Source records:
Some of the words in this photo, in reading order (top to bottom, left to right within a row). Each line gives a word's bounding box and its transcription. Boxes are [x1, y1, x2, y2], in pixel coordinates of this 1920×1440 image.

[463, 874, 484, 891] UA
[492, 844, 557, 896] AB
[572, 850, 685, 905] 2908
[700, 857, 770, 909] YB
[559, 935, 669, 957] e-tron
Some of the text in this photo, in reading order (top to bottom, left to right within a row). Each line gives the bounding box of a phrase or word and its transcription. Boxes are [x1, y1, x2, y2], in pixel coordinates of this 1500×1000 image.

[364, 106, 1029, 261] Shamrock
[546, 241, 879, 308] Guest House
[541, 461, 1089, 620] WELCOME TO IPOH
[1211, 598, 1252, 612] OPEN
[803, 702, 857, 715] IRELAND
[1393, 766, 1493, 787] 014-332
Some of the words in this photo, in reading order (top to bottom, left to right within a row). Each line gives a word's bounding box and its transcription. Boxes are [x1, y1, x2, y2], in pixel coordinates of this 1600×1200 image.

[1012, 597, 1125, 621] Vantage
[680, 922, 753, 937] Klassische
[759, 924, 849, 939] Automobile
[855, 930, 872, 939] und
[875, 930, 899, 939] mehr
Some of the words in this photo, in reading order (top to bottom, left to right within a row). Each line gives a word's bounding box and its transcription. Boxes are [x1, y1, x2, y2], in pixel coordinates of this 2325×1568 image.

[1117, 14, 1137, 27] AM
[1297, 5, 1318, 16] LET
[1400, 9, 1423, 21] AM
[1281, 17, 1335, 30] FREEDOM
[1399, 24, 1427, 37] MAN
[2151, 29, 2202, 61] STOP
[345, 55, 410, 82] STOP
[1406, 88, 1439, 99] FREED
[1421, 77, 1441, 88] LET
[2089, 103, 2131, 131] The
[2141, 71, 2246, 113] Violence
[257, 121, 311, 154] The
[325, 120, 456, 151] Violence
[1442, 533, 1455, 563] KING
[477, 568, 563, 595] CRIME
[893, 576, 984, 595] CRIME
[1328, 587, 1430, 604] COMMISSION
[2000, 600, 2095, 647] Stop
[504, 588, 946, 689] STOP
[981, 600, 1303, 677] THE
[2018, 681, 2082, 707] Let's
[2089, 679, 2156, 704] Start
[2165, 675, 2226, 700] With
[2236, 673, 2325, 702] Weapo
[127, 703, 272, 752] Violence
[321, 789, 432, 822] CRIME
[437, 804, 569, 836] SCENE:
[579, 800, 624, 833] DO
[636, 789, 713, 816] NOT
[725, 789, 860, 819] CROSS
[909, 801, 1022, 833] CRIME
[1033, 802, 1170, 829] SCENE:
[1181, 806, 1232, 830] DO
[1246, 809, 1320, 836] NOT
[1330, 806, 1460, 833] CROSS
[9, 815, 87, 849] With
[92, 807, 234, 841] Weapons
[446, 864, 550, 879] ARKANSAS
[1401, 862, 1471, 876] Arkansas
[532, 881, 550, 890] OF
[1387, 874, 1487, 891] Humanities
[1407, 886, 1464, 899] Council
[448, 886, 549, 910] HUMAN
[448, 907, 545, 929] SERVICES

- **Exercise instructions**:
Repeat each of the entries exactly as written.

- **Expected answer**:
Some of the words in this photo, in reading order (top to bottom, left to right within a row). Each line gives a word's bounding box and its transcription. Boxes are [x1, y1, x2, y2], in pixel coordinates of this 1920×1440 image.

[463, 874, 484, 891] UA
[492, 844, 557, 896] AB
[572, 850, 685, 905] 2908
[700, 857, 770, 909] YB
[559, 935, 669, 957] e-tron
Some of the text in this photo, in reading order (top to bottom, left to right within a row). Each line gives the bounding box of a phrase or word and its transcription. Boxes are [x1, y1, x2, y2], in pixel coordinates of this 1500×1000 image.

[364, 106, 1029, 261] Shamrock
[546, 241, 879, 308] Guest House
[541, 461, 1089, 620] WELCOME TO IPOH
[1211, 598, 1252, 612] OPEN
[803, 702, 857, 715] IRELAND
[1393, 766, 1493, 787] 014-332
Some of the words in this photo, in reading order (top to bottom, left to right within a row). Each line gives a word's bounding box and its transcription. Boxes are [x1, y1, x2, y2], in pixel coordinates of this 1600×1200 image.

[1012, 597, 1125, 621] Vantage
[680, 922, 753, 937] Klassische
[759, 924, 849, 939] Automobile
[855, 930, 872, 939] und
[875, 930, 899, 939] mehr
Some of the words in this photo, in reading order (top to bottom, left to right within a row). Each line gives a word's bounding box and its transcription. Boxes are [x1, y1, x2, y2], in pixel coordinates of this 2325×1568 image.

[1117, 14, 1137, 27] AM
[1297, 5, 1318, 16] LET
[1400, 9, 1423, 21] AM
[1281, 17, 1335, 30] FREEDOM
[1399, 24, 1427, 37] MAN
[2151, 29, 2202, 61] STOP
[345, 55, 410, 82] STOP
[1406, 88, 1439, 99] FREED
[1421, 77, 1441, 88] LET
[2089, 103, 2131, 131] The
[2141, 71, 2246, 113] Violence
[257, 121, 311, 154] The
[325, 120, 456, 151] Violence
[1442, 533, 1455, 563] KING
[477, 568, 563, 595] CRIME
[893, 576, 984, 595] CRIME
[1328, 587, 1430, 604] COMMISSION
[2000, 600, 2095, 647] Stop
[504, 588, 946, 689] STOP
[981, 600, 1303, 677] THE
[2018, 681, 2082, 707] Let's
[2089, 679, 2156, 704] Start
[2165, 675, 2226, 700] With
[2236, 673, 2325, 702] Weapo
[127, 703, 272, 752] Violence
[321, 789, 432, 822] CRIME
[437, 804, 569, 836] SCENE:
[579, 800, 624, 833] DO
[636, 789, 713, 816] NOT
[725, 789, 860, 819] CROSS
[909, 801, 1022, 833] CRIME
[1033, 802, 1170, 829] SCENE:
[1181, 806, 1232, 830] DO
[1246, 809, 1320, 836] NOT
[1330, 806, 1460, 833] CROSS
[9, 815, 87, 849] With
[92, 807, 234, 841] Weapons
[446, 864, 550, 879] ARKANSAS
[1401, 862, 1471, 876] Arkansas
[532, 881, 550, 890] OF
[1387, 874, 1487, 891] Humanities
[1407, 886, 1464, 899] Council
[448, 886, 549, 910] HUMAN
[448, 907, 545, 929] SERVICES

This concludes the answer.